Detailed information on the Gwardar...

The gwardar or western brown snake is distributed over most of Australia, with the exception of eastern New South Wales, Victoria and Tasmania. Its range overlaps that of the eastern brown snake. Mostly active during the day, the gwardar has similar feeding habits to the common brown snake, but is said to be less aggressive than its eastern counterpart. The adult is usually olive to brown, and may have a dark head or a number of broad bands.


----------



## jay76 (Dec 16, 2007)

They are a nice looking snake


----------



## scorps (Dec 16, 2007)

hahah see one of those illegal herp catchers get bitten theyull be like yay a bhp run over hahaha


----------



## mysnakesau (Dec 16, 2007)

WOW! I would have thought it was a BHP, and knowin me would have went straight to it and picked it up.


----------



## moosenoose (Dec 16, 2007)

Well... I thought straight off it was in inland taipan- but I was still wrong :lol:


----------



## blackghost (Dec 16, 2007)

jay76 said:


> They are a nice looking snake


 
They are a very beautiful looking snake, but after seeing this snake, I was curious on finding out more info on it. Just from a few examples below, they seem to have a pretty lethal injection....
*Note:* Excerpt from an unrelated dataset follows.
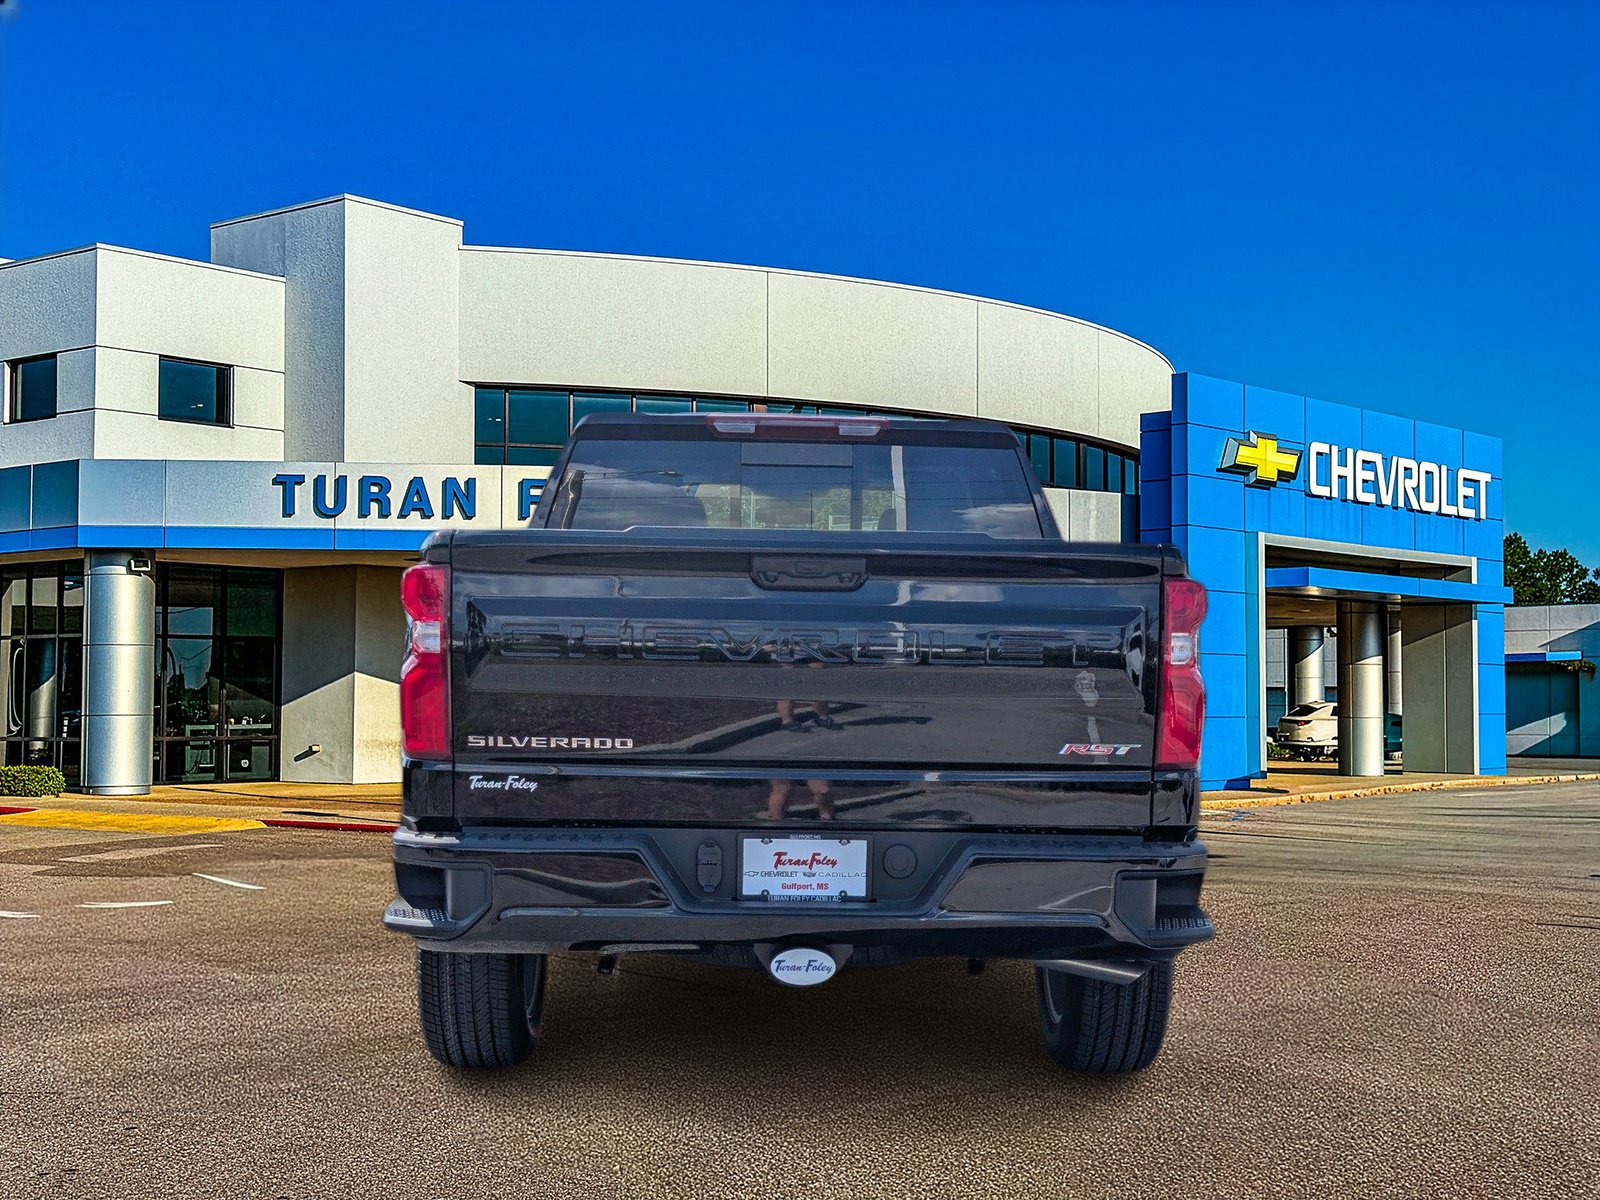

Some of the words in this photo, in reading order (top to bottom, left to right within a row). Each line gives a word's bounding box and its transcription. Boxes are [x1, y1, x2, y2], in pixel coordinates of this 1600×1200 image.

* Female, 61 years. Western brownsnake or gwardar (_Pseudonaja nuchalis_). Bitten 3 p.m. on lower leg. No first-aid applied. 
Walked a considerable distance after bite. Died 4.30 p.m.

* Male, 31 years. Western brownsnake or gwardar (_Pseudonaja nuchalis_). Unwitnessed. Snake in bucket, victim found unconscious 
with head injuries. Assumed to have been bitten resulting in a fall. Antivenom administered at Derby Hospital but with no improvement 
patient air-ambulanced to Sir Charles Gairdner Hospital where he died. 

blackghost


----------



## Jonno from ERD (Dec 16, 2007)

G'day blackghost,

While you are correct that Western Browns are incredibly dangerous, you will notice one similarity between those two bites - the correct first aid procedure was not followed. With correct first aid, your chances of surviving a bite from any Australian venomous snake is very high.

I know of three bites that have almost killed mates of mine. They are definitely not a snake to mess with, and the venom is very fast acting.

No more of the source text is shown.